Which means that on my early October visit during the park's second week of operation this year — which brought a tropical storm hurtling through the region — was pretty much their worst nightmare. At a casting call back in September, SpookyWorld co-owner Mike Accomando told me that his he'll go to such lengths as ritual human bloodletting if it means keeping the bad weather at bay. "I’m willing to give a pint of blood every eight weeks because Mother Nature will have to look at that and say OK."
But on the night of our visit, Mother Nature was not impressed. She brought a torrential downpour earlier in the day to chase away the punters; then, out of spite, left SpookyWorld with a mostly gorgeous fall night and only a smattering of undeterred customers. Which meant the haunt actors were practically pouncing on any customer that wandered by. Or, in the words of SpookyWorld designer Tattoo, they're looking to "destroy everyone."
When we first strolled onto the lot, we're immediately greeted by a 10-foot-tall horned wraith with gnarled claw-hands and glowing eyes. All night long, the thing howled like a banshee and plodded menacingly across the Monster Midway, scattering packs of screaming tweens in its wake. A demented clown and a slack-jawed executioner clutching a squishy heart trailed close behind. Elsewhere on the midway, a guy in a repulsive chubby-cheeked-baby mask chased after a histrionic girl for a full 10 minutes. "I'm still after you!" the monster bellowed. "I didn't pay for this!" wailed his victim (totally loving the fuss). "What this place needs is a safe word," a friend observed.
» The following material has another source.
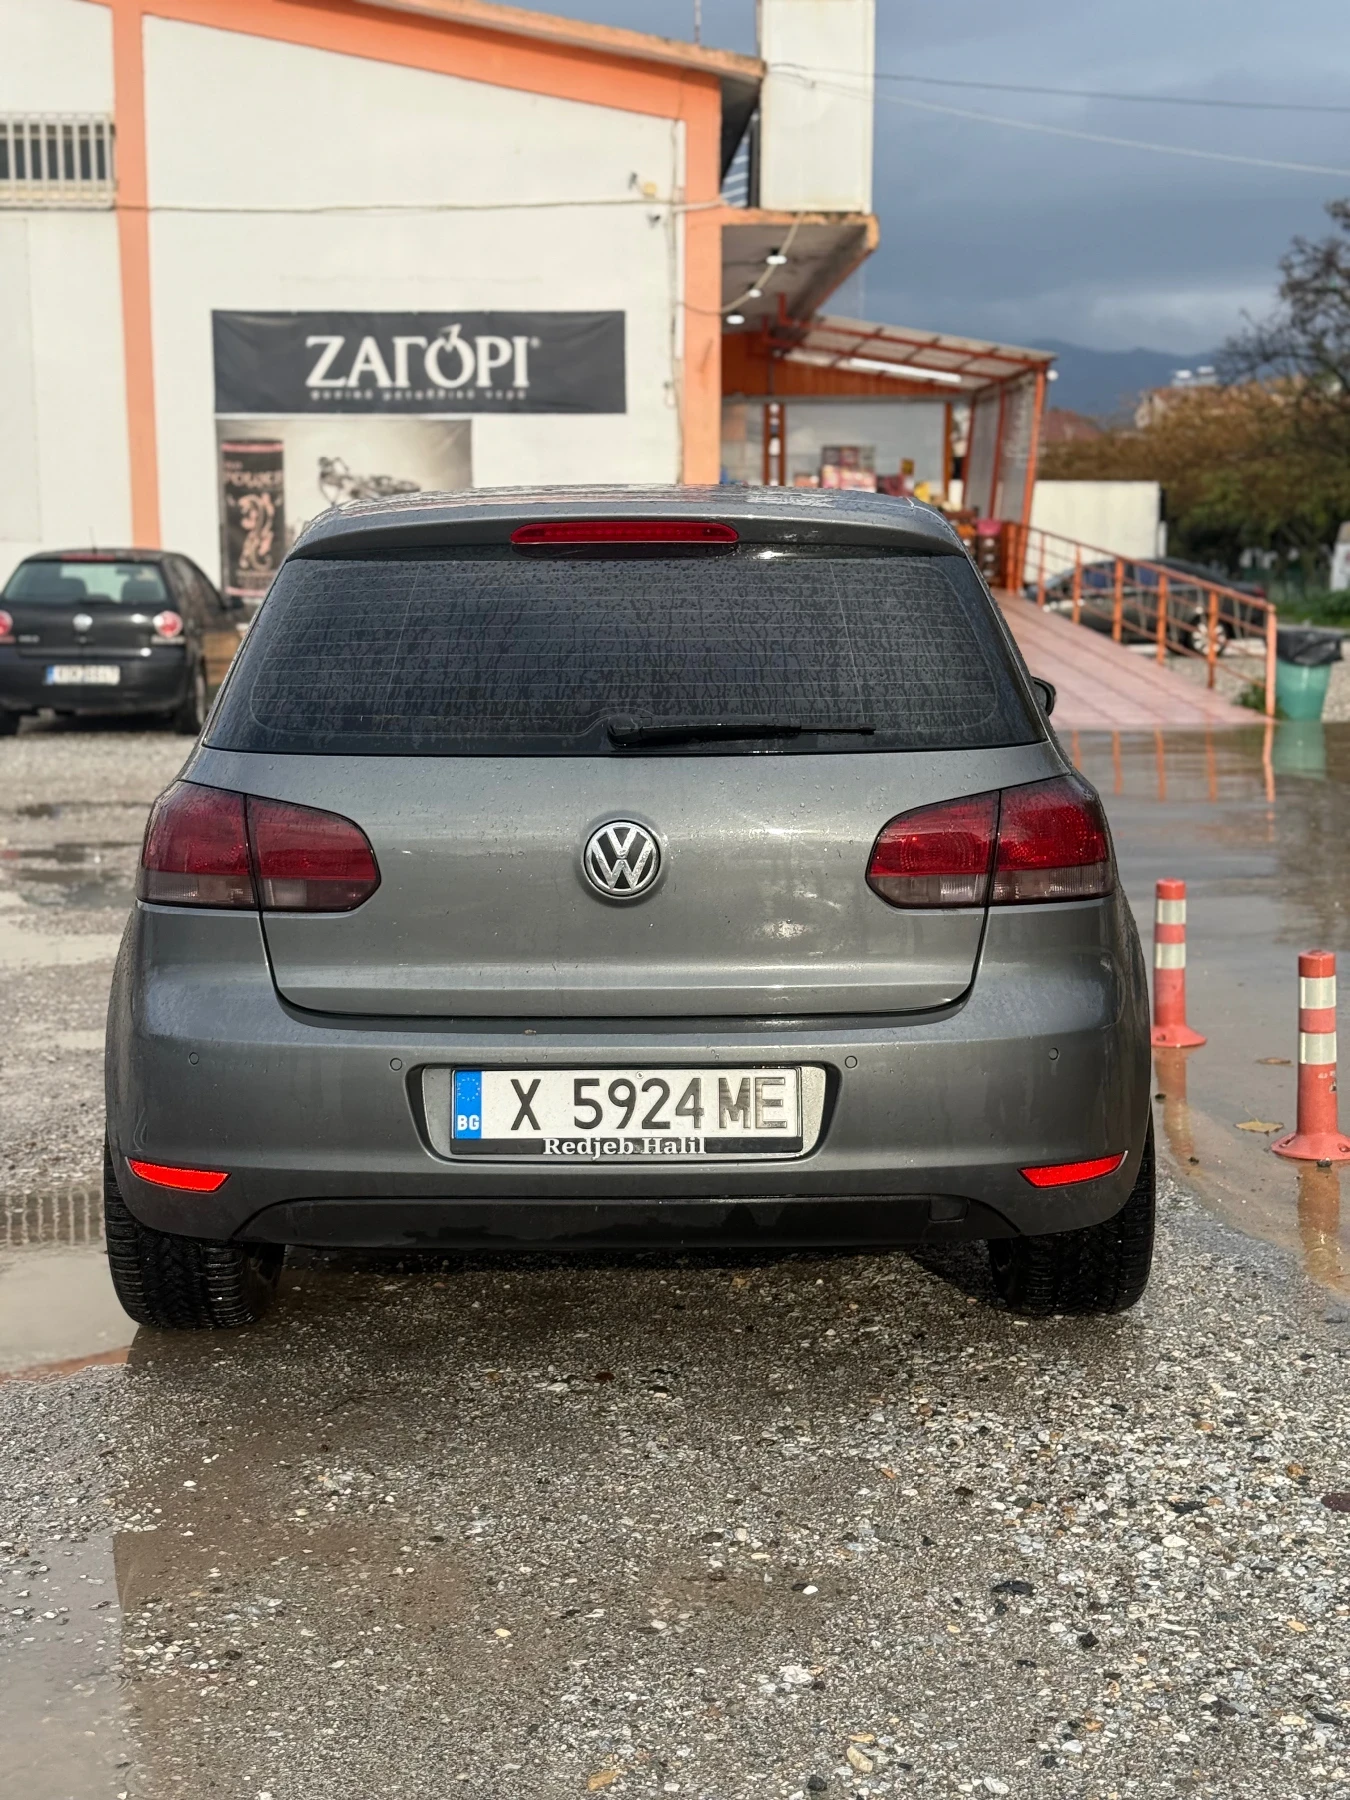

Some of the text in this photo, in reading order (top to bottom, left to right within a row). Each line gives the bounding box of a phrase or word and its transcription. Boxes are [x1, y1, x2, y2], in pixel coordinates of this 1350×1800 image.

[510, 1076, 788, 1131] X 5924 ME
[456, 1114, 480, 1131] BG
[543, 1136, 707, 1160] Redjeb Halil
After a few nomadic years, SpookyWorld (having now joined forces with Nightmare New England) has been settling into its home in Litchfield, New Hampshire. “The original SpookyWorld, in its heyday, was a scary, tough haunt. But as time went on, it became more family-oriented. SpongeBob was there — it lost a little bit of the hardness,” Accomando told me. “When we invented Nightmare New England, we wanted people to know that we are a haunt that haunts. We haunt to scare.”
This year, there are seven haunts, with the debut of two new ones: the Catacombs, a cave simulation; and the Colony, described to me as “a backwoods, down-South, kind of inbred, banjo-playing thing.'' Tattoo (a Wisconsin transplant) explained the Colony's Deliverance theme thusly: “In New England, people really like the outdoor feel; everyone wants the hayride or the corn maze. So last year, we had Raven’s Claw Cemetery out in the woods, and everyone really enjoyed that.”